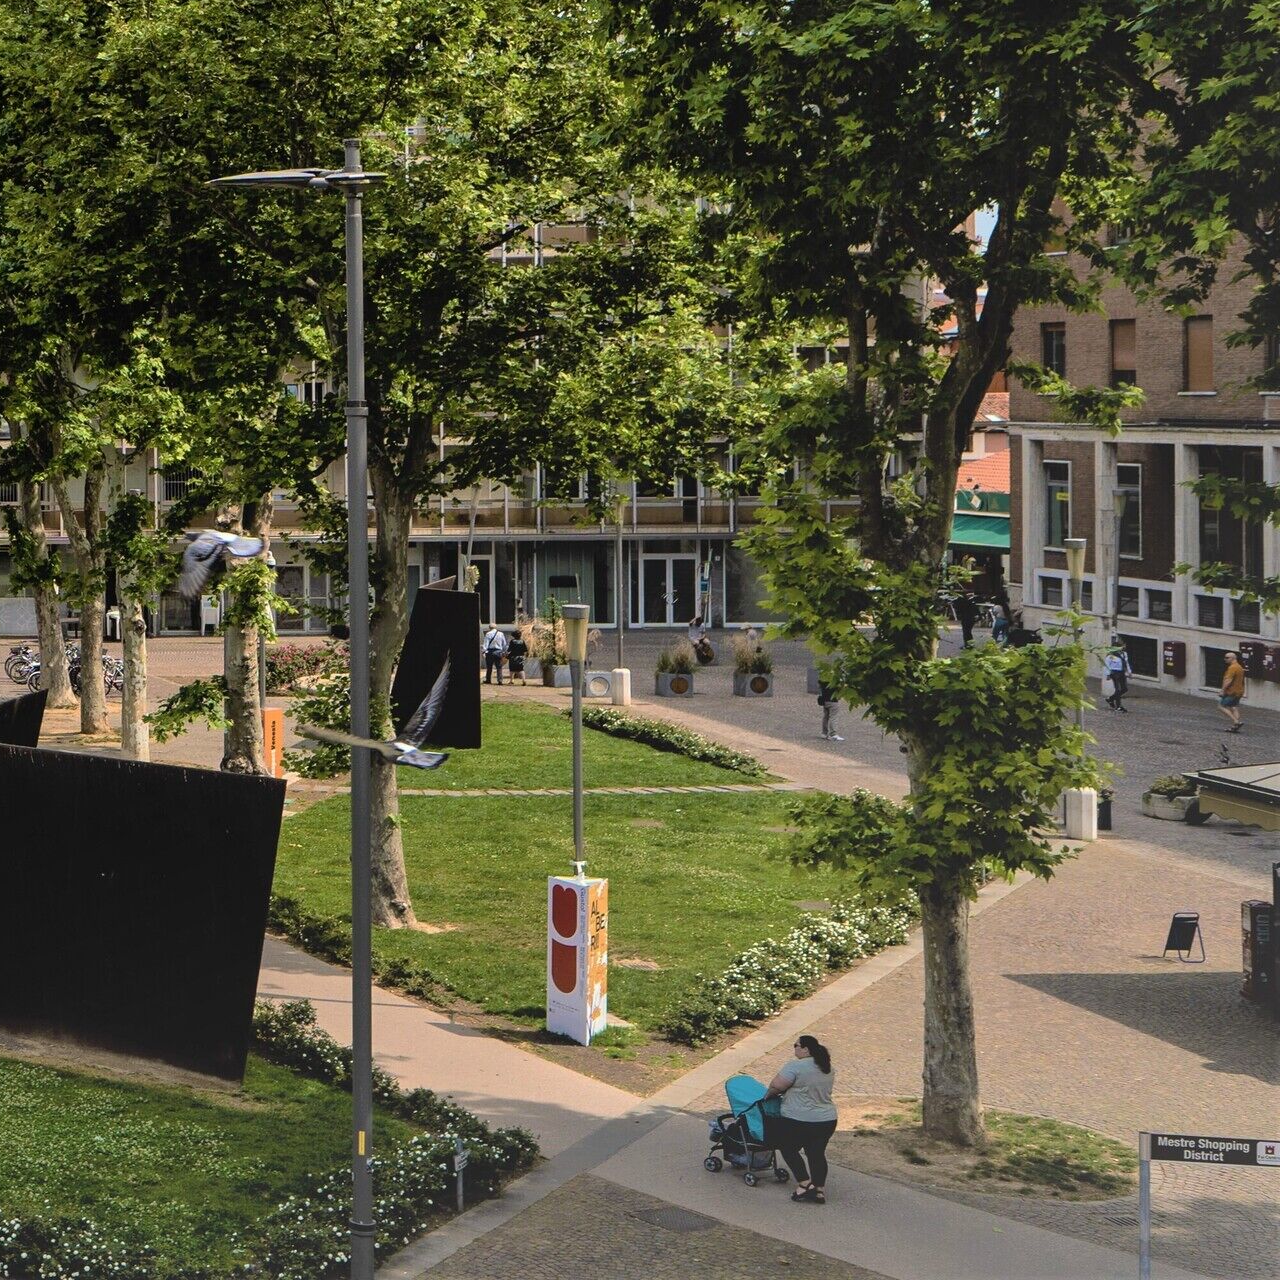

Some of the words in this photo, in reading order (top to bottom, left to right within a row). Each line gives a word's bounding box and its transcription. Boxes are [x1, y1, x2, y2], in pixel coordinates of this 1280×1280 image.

[1157, 1136, 1196, 1148] Mestre
[1198, 1138, 1250, 1153] Shopping
[1183, 1149, 1224, 1162] District
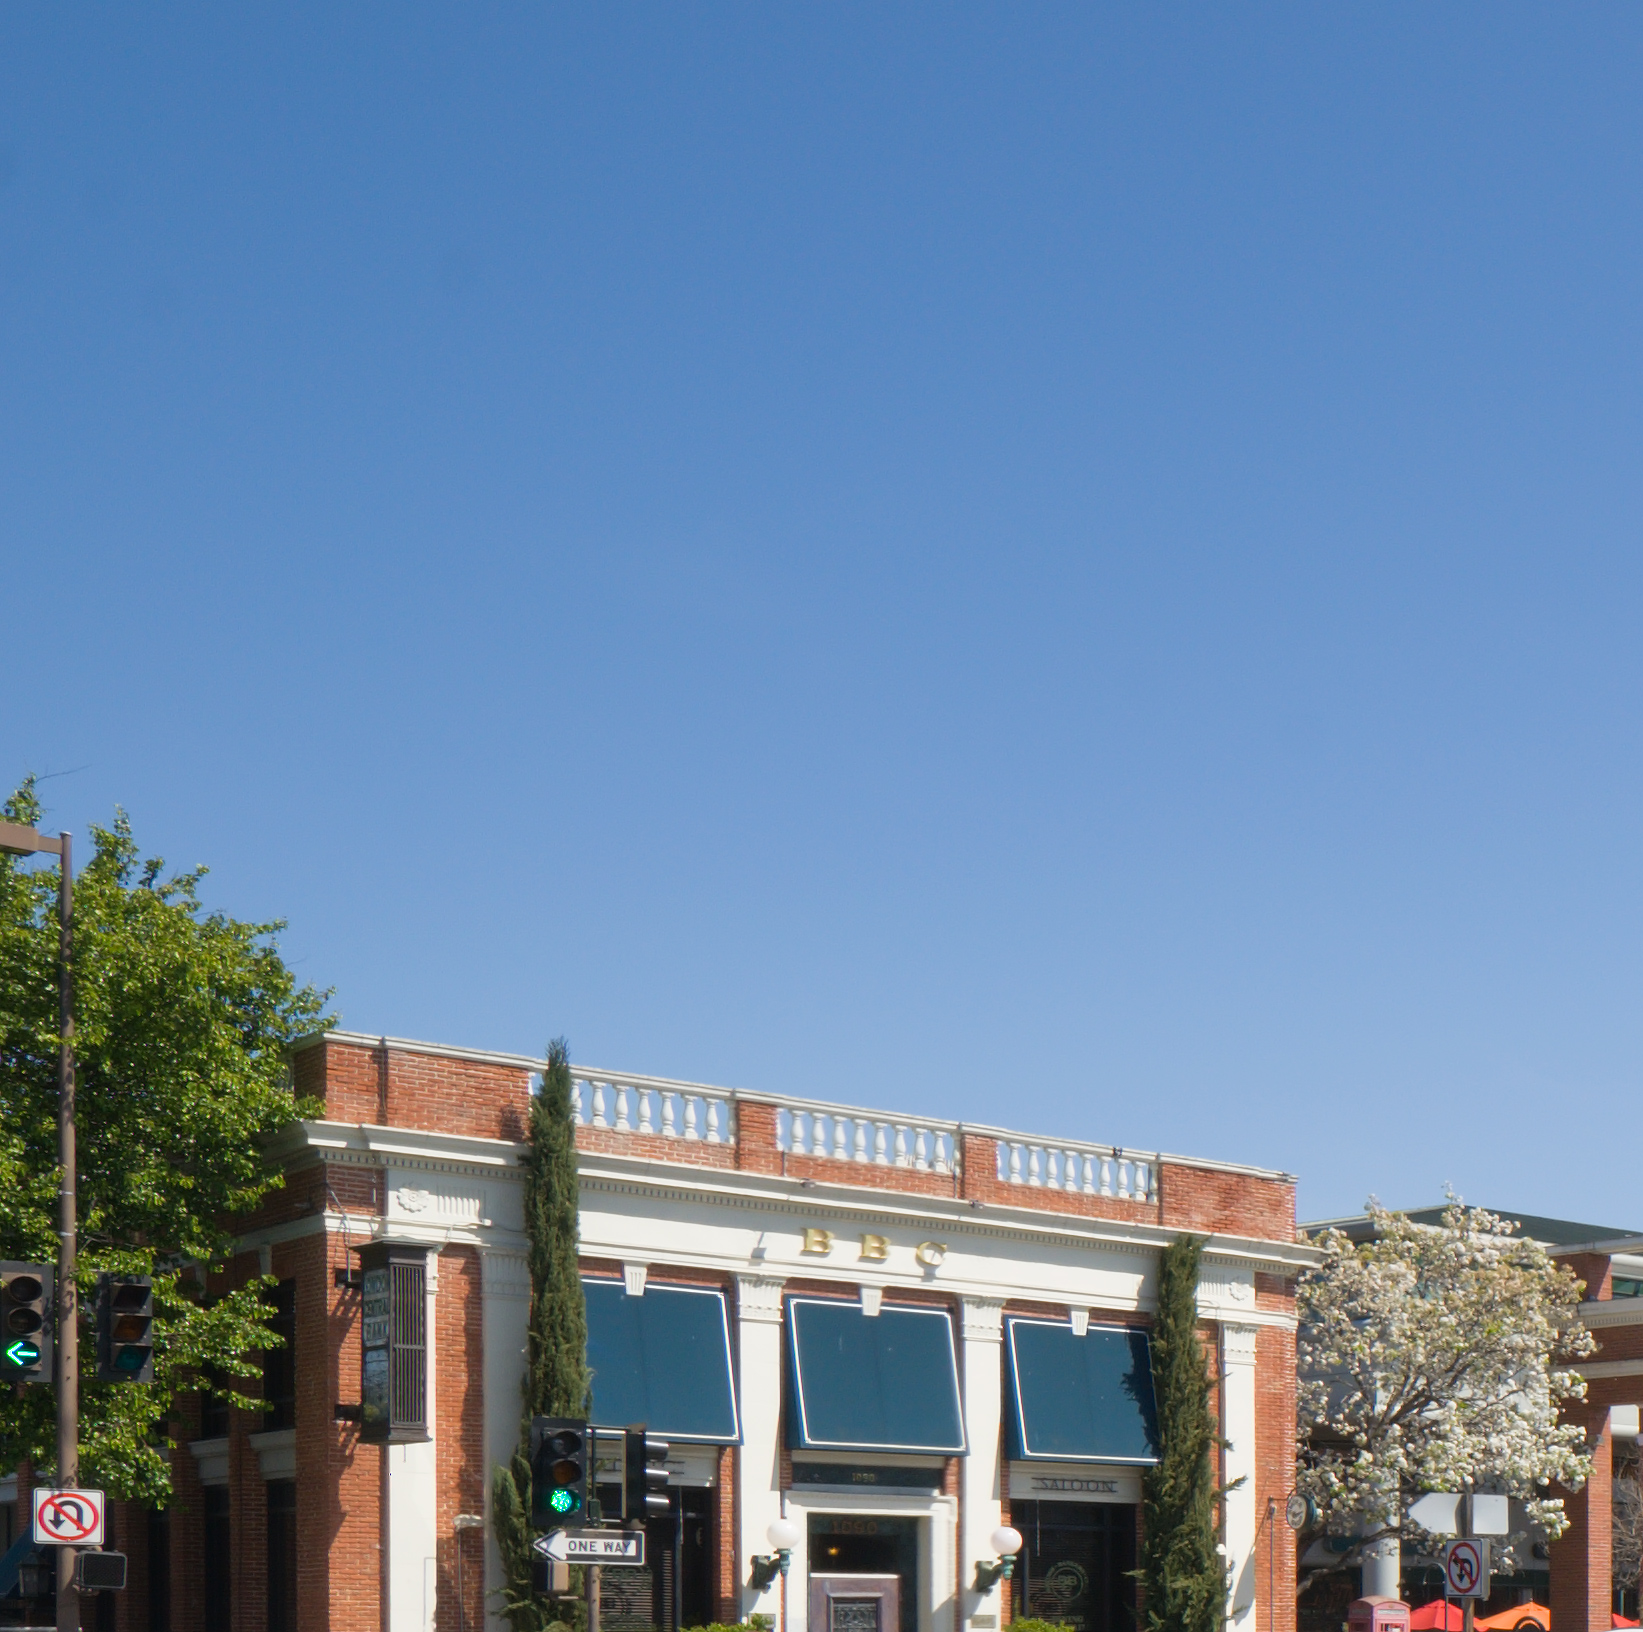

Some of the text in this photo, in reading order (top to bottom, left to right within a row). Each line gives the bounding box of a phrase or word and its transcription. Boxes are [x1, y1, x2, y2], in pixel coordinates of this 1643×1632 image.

[1040, 1479, 1114, 1492] SALOON
[568, 1541, 631, 1553] ONE WAY
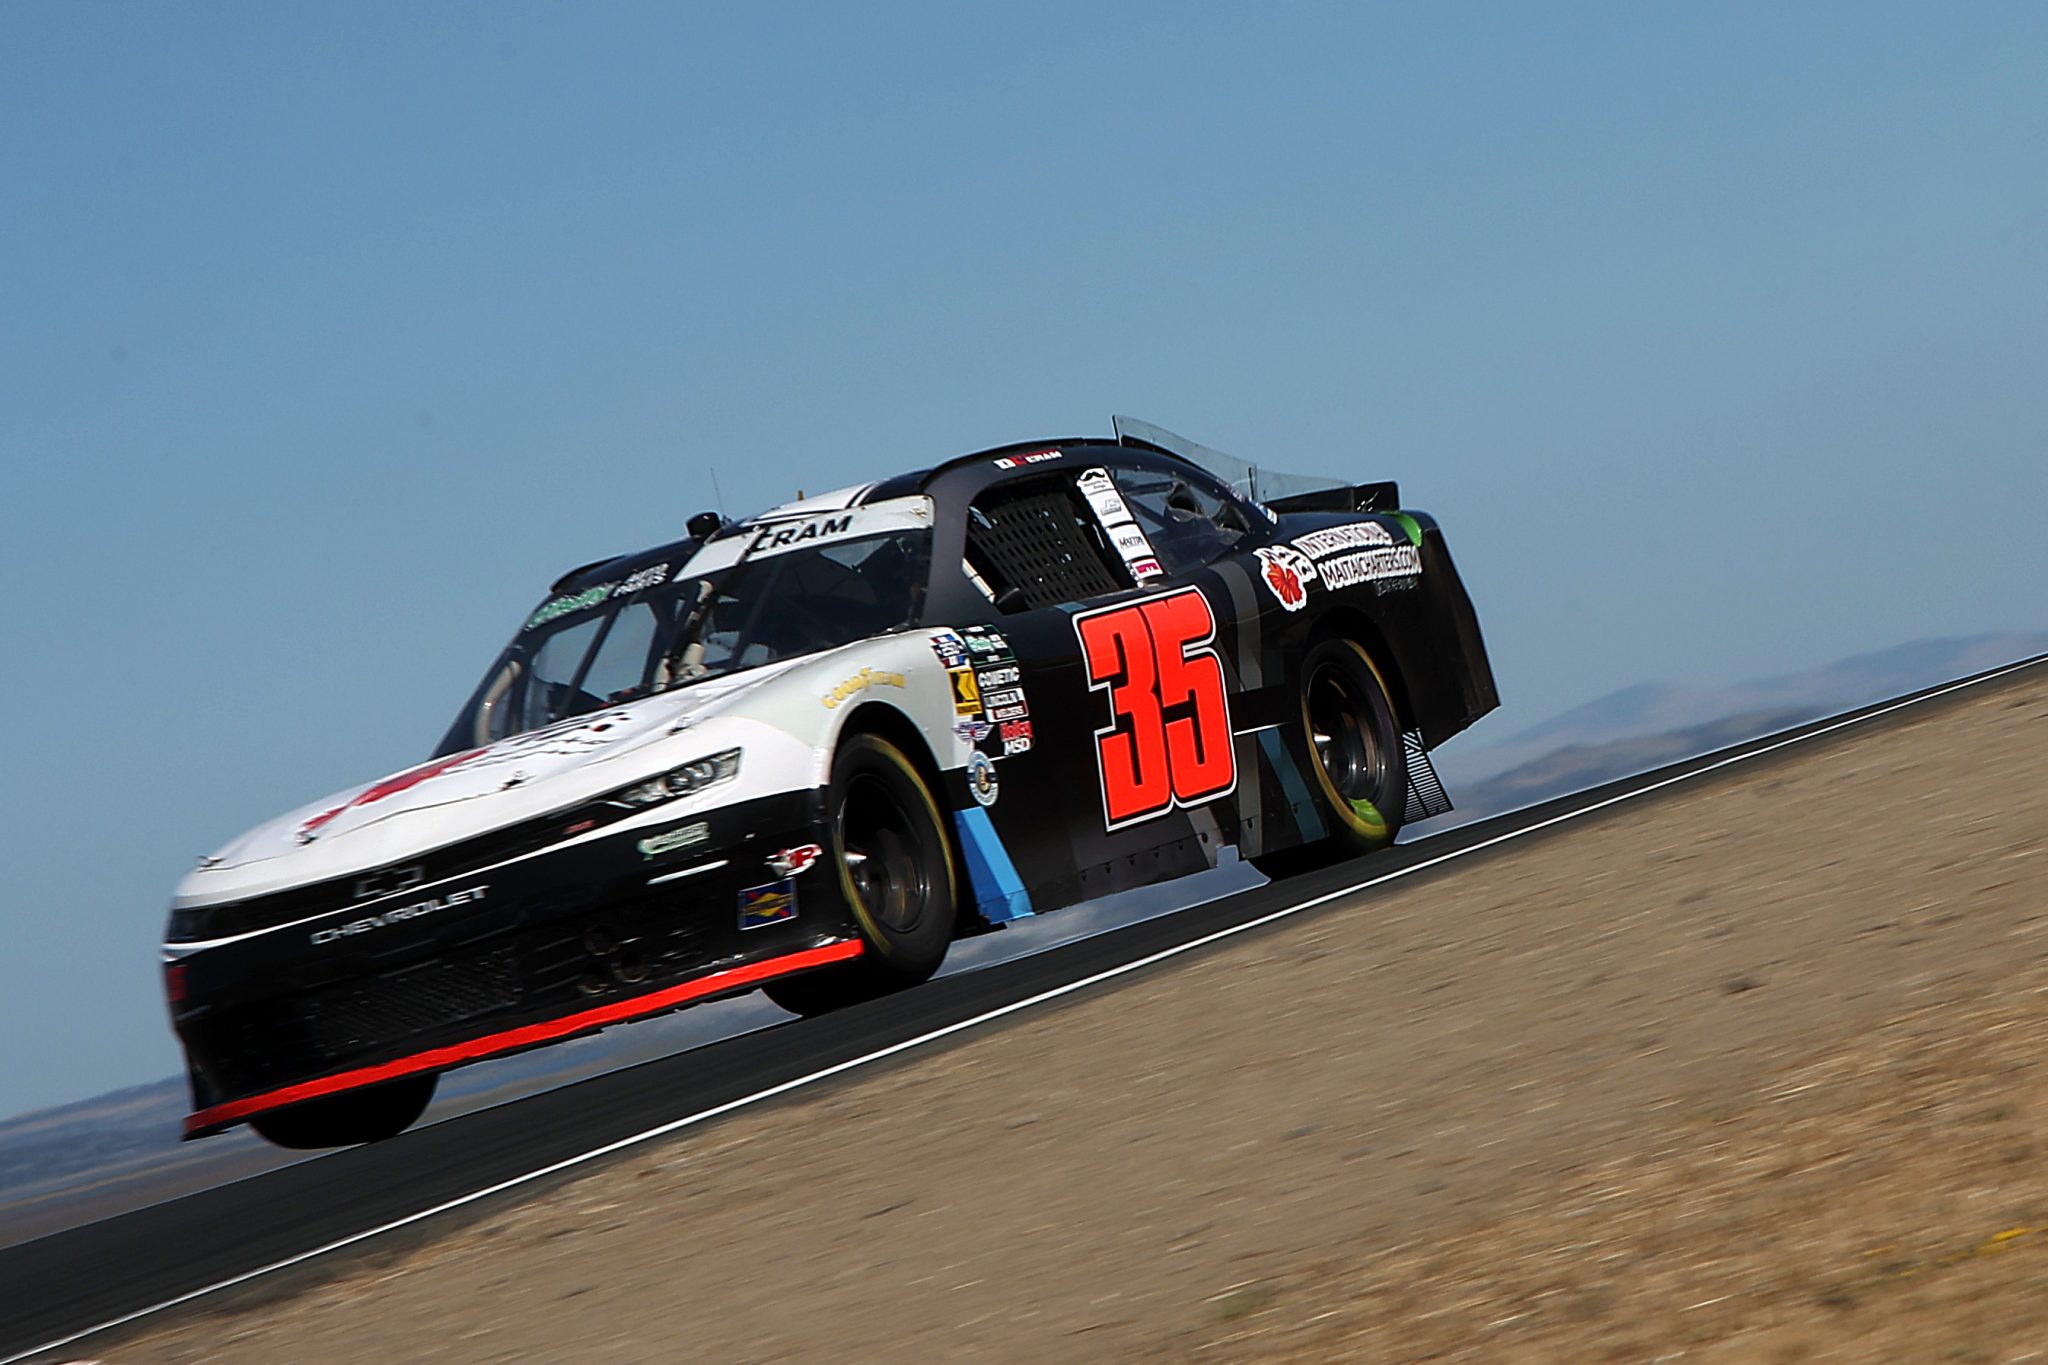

----------

**Your instructions:** Nothing but the pictures is to be left out; repeat the data exactly.

**Written response:**
Some of the words in this photo, in reading order (top to bottom, left to right within a row). Each line gives a word's bounding box and its transcription. Boxes are [x1, y1, x2, y2], in pixel coordinates of this 1280×1280 image.

[1157, 1136, 1196, 1148] Mestre
[1198, 1138, 1250, 1153] Shopping
[1183, 1149, 1224, 1162] District

Some of the text in this photo, in reading order (top to bottom, left to right within a row). Each line gives the bounding box of a phrase or word and its transcription. Boxes are [x1, y1, x2, y2], in pixel coordinates of this 1643×1632 image.

[1040, 1479, 1114, 1492] SALOON
[568, 1541, 631, 1553] ONE WAY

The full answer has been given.